Multiple inherited human neurological disorders are now attributed to expansion of short tandem repeats either in coding or non-coding regions of genes [2], [7], [8]. Genetic and molecular analysis of these disorders have revealed that the repeat expansion can result in either a loss of function of the gene (Fragile-X syndrome and Friedreich's ataxia) or a gain of function of the encoded protein (SCA1, SCA2, SCA3, SCA6, SCA7, SCA17, Huntington's disease, DRPLA, and oculopharyngeal muscular dystrophy) [7], [8]. RNA-mediated pathogenesis is believed to play a critical role in several other repeat expansion disorders, including Myotonic Dystrophy Type 1 (DM1) and Type 2 (DM2), SCA8, SCA12, Huntington's disease like 2 (HDL2), and fragile X tremor ataxias syndrome (FXTAS) [7], [8]. However, the pathogenic mechanism of DM1, SCA8, SCA12, HDL2 and FXTAS, which are caused by trinucleotide repeat expansions, may also involve qualitative or quantitative alterations of the protein products of the respective genes or genes on the opposite strand [33][35]. In contrast, SCA10 is the only human disorder proven to be caused by an expansion of a pentanucleotide repeat. Like the DM2 CCTG tetranucleotide repeat, the SCA10 ATTCT repeat shows repeat-number polymorphism, which makes these non-trinucleotide repeat highly unlikely to encode protein sequences from either strand. Furthermore, we have shown that the intronic repeat expansion does not alter ATXN10 transcripts [17]. Thus, SCA10 is likely to be a disorder solely caused by RNA-based mechanism, unlike most disorders that are caused by trinucleotide repeat expansions.

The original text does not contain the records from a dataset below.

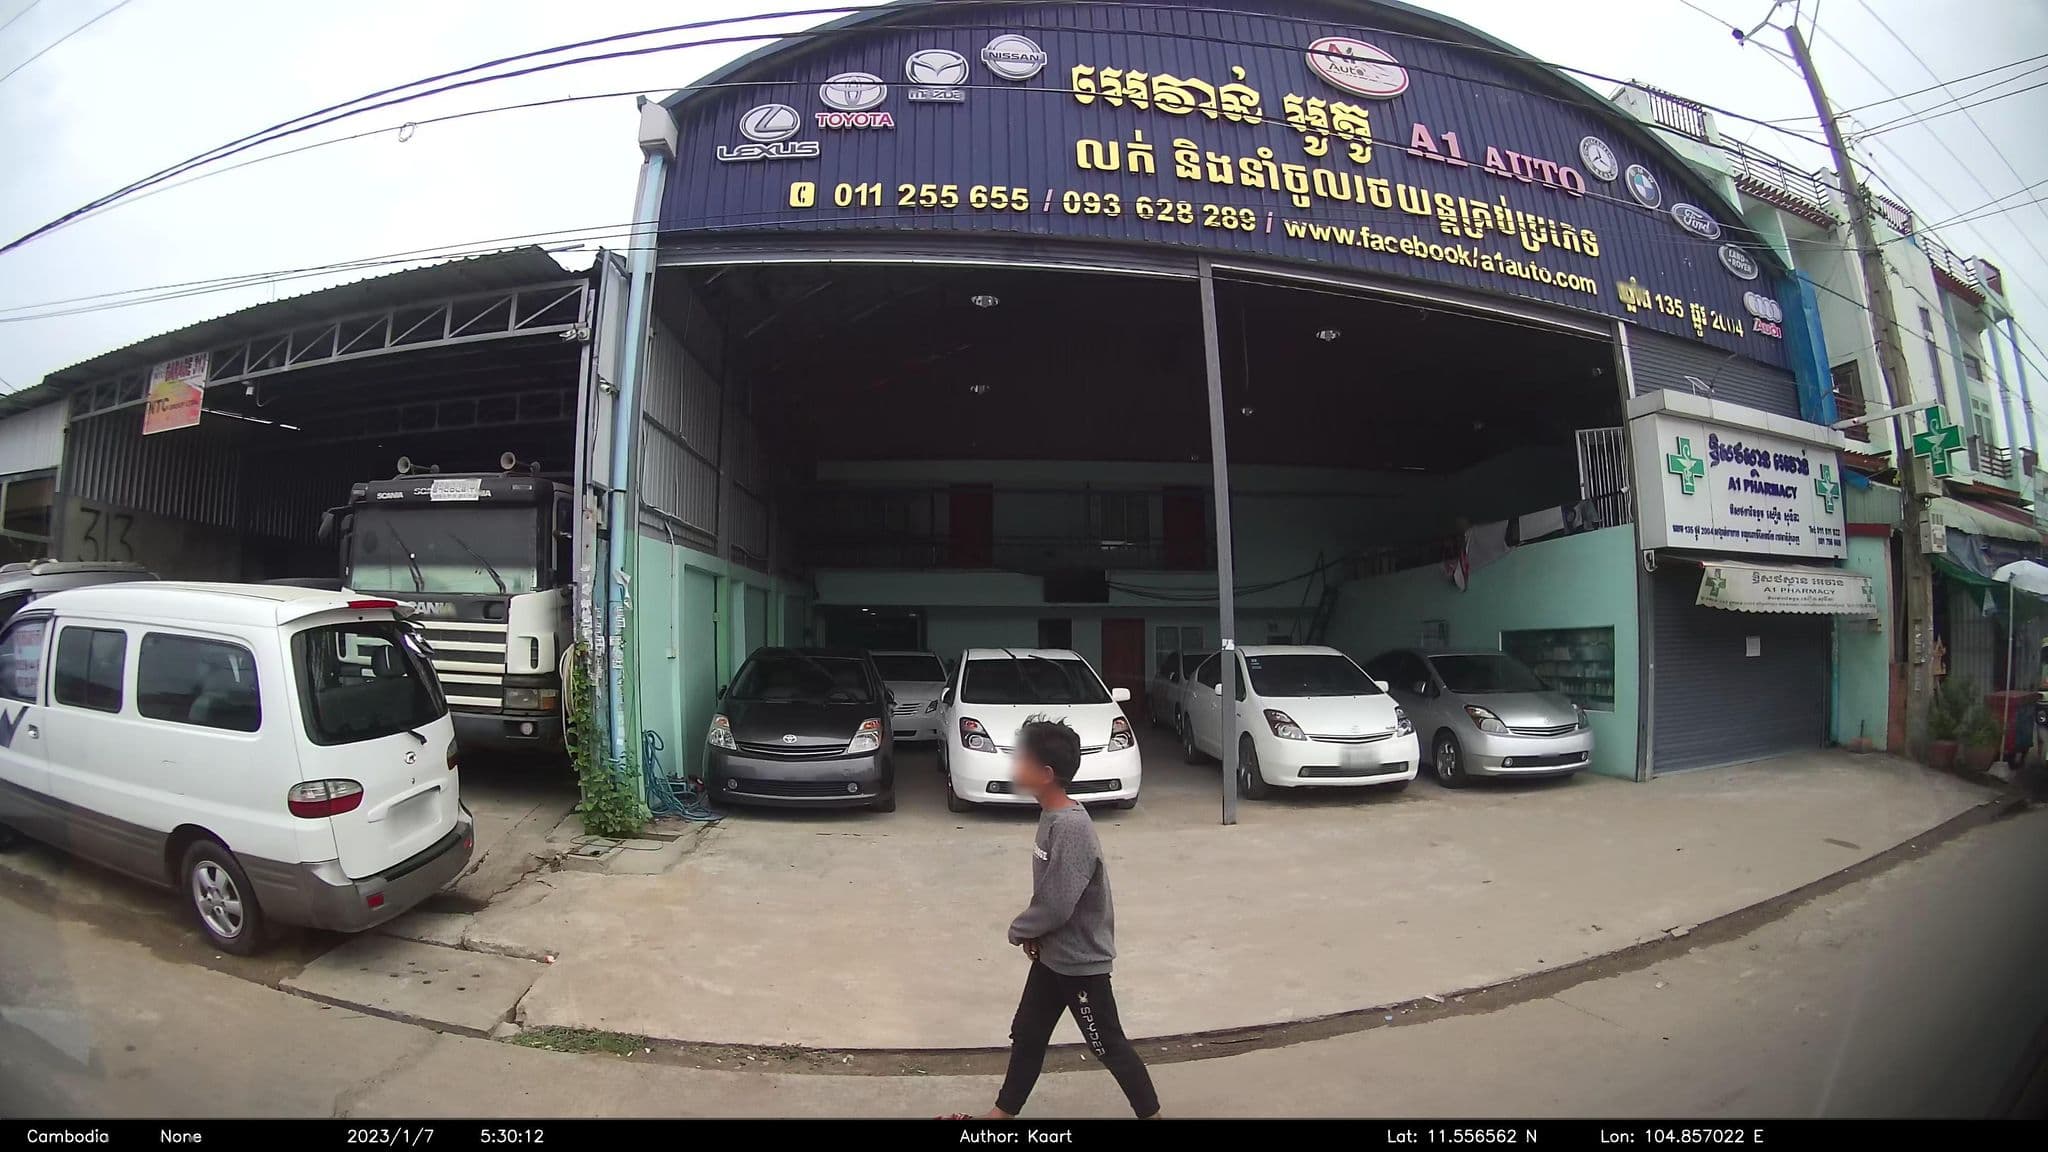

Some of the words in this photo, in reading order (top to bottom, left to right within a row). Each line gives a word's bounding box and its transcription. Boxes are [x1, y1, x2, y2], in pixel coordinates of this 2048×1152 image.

[988, 50, 1041, 63] NISSAN
[815, 111, 895, 129] TOYOTA
[717, 140, 820, 163] LEXUS
[1075, 129, 1156, 175] លក់
[1407, 121, 1469, 167] A1
[1484, 145, 1586, 197] AUTO
[833, 182, 883, 207] 011
[897, 183, 960, 209] 255
[969, 184, 1030, 212] 655
[1062, 190, 1122, 218] 093
[1135, 195, 1195, 225] 628
[1202, 203, 1257, 231] 289
[1684, 208, 1711, 234] Ford
[1655, 293, 1685, 319] 135
[376, 491, 404, 500] SCANIA
[1728, 476, 1741, 491] A1
[1743, 478, 1798, 499] PHARMACY
[1780, 587, 1836, 595] PHARMACY
[1080, 1006, 1106, 1056] SPYDER

In the present study we provide evidence that SCA10 pathogenesis results from a trans-dominant gain-of-function of AUUCU repeats. First, transcription of the mutant allele produces transcripts that form aggregates in the nucleus and cytoplasm of the SCA10 cells and in transgenic mouse brain. Second: the expanded AUUCU repeat complexes with hnRNP K, leading to the loss of function of hnRNP K. Third, expression of expanded AUUCU repeat results in the accumulation of PKCδ in the mitochondria and caspase-3 mediated activation of apoptosis. Fourth, diminished hnRNP K activity recapitulates these events caused by expanded AUUCU repeats. And finally, over-expression of hnRNP K, as well as down-regulation of transcripts of expanded ATTCT repeat, rescues cells from apoptosis caused by expanded AUUCU repeats. Based on these findings, we conclude that the AUUCU RNA binds to and inactivates hnRNP K, triggering caspase-3-mediated apoptosis via translocation of PKCδ to mitochondria. Previous reports suggest that the presence of PKCδ in the mitochondria results in decreased membrane potential, release of cytochrome C, and activation of caspase-3 [30][32], further supporting our conclusion. Moreover, caspase-3 activates PKCδ and activated PKCδ further activates caspase-3 [30], and proteolytically activated PKCδ down-regulates hnRNP K protein in a proteasome-dependent manner [36]. Hence, positive feedback loops involving hnRNP K, PKCδ and caspase-3 may enhance this pathogenic pathway in SCA10. Since apoptosis is considered to be a major mechanism of cell death in a variety of human neurodegenerative disorders [37], the novel pathway of apoptosis induced by the mutant ATXN10 RNA is relevant to the neurodegenerative phenotype of SCA10. Our results provide strong evidence that this novel mechanism of trans-dominant RNA gain of function contributes to the pathogenic mechanism in SCA10.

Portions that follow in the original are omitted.